Over at the Penny Lane boutique in Huntington, owner Gabrielle Sunshine is elated about the trend. “I couldn’t love it more. To me there is nothing more classic Americana.” A denim trench coat is the “new spring essential,” declares Sunshine. And she adds, “If you don’t have a denim maxi skirt in your wardrobe this season, you’re blowing it big time.”

It's not the maxi skirt that’s the hero piece at Mint boutiques in Mattituck, Westhampton, Southampton and Stony Brook. The new length is called the “midaxi” according to owner Joanna Mazzella, which, you guessed it, is a shin-grazing hybrid between the midi and maxi, often with angled seams and a high front slit. Mazzella is a fan of the overall denim craze. “People see the variety in denim — everything from basics to dresses, rompers, wide leg jeans and more — and say, “’Oooh, I need that,' ” she says.

How to do up double denim

Fashion stylist Evan Stanton Elkowitz, of Old Westbury, and Clinton Kelly, of "What Not to Wear" fame, show how they style denim-on-denim looks.  Credit: Clinton Kelly

For some, it may seem alien to pair a denim top and bottom. But stylist Elkowitz advises folks to “Play with volume. That’s the key thing when you’re wearing denim together. Pair a more fitted top with a wider or more generous bottom,” and in the reverse, a looser top works with a slimmer fit jean.” Beyond that, “accessories make the outfit,” she explains. “Denim-on-denim is sort of a neutral palette so throw on a scarf and change up your footwear with anything from a cowboy boot to a sneaker to a ballet flat.”

While Kelly prefers wearing “a darkish jean and a lightish button front shirt,” when he wears denim, he says, “the kids do it more matchy-matchy than I do.”

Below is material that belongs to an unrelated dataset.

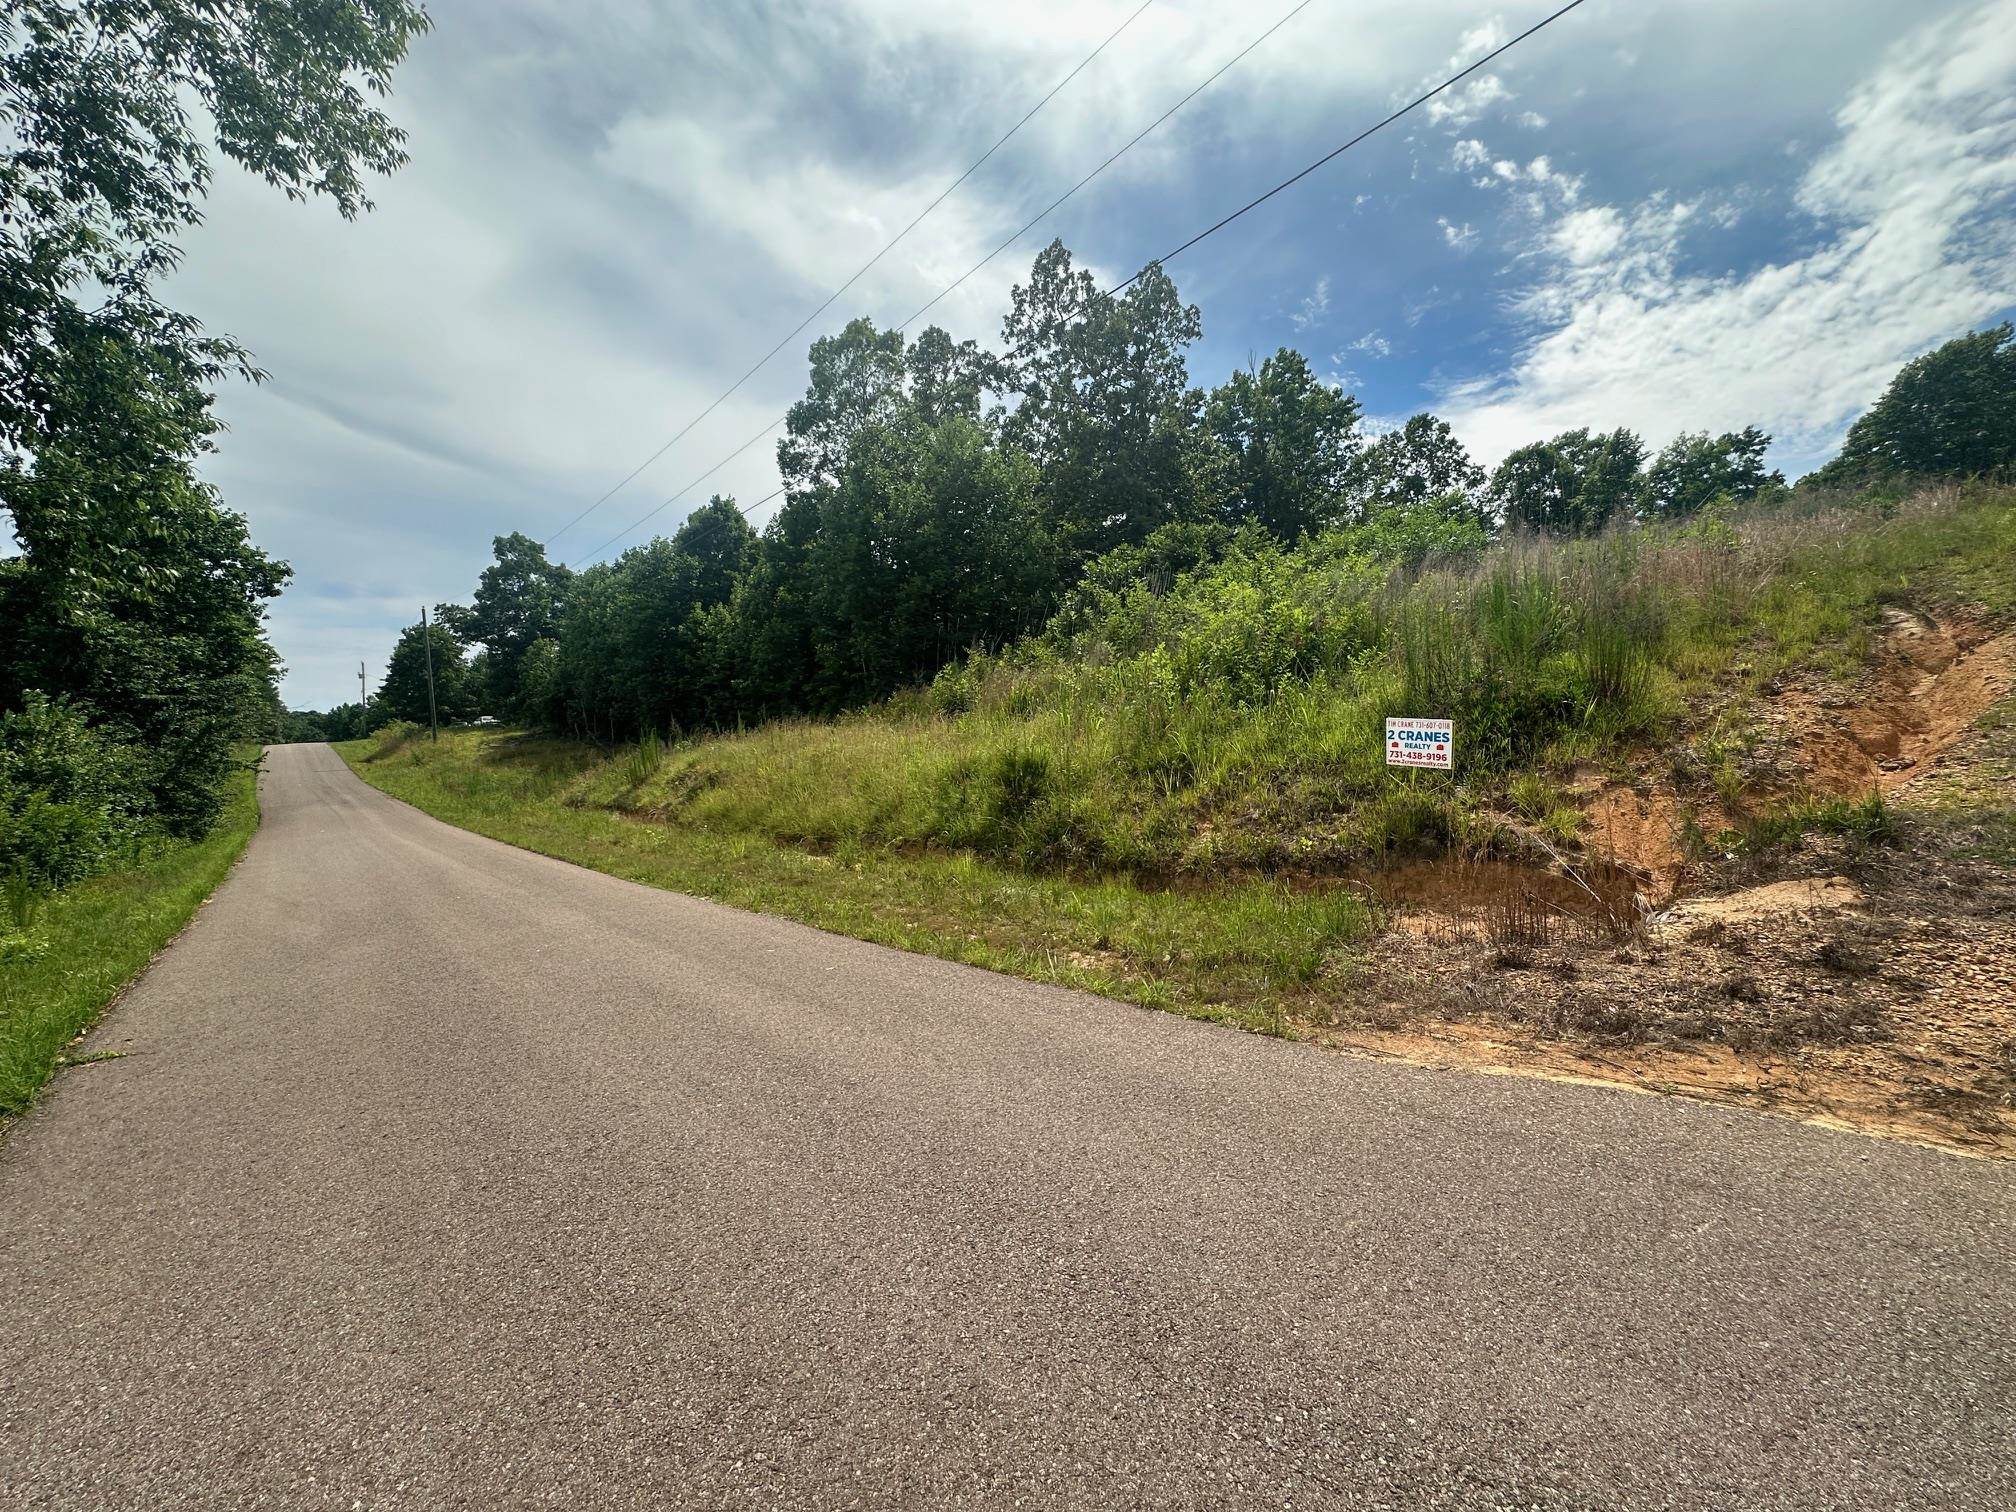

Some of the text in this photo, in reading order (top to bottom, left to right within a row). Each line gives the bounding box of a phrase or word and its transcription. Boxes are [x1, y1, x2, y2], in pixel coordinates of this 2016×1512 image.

Sanfilippo agrees on the shade story. “If you have a denim top, you want it be a lighter shade saturation to work nicely with a darker pair of jeans, but there are exceptions.”

Mazzella likes to layer white T-shirts under a total denim style and suggests adding a belt. “These days they’re showing belts with more hardware and they break up the look and make it a little more interesting. It’s kind of a '70s revival and takes you back.”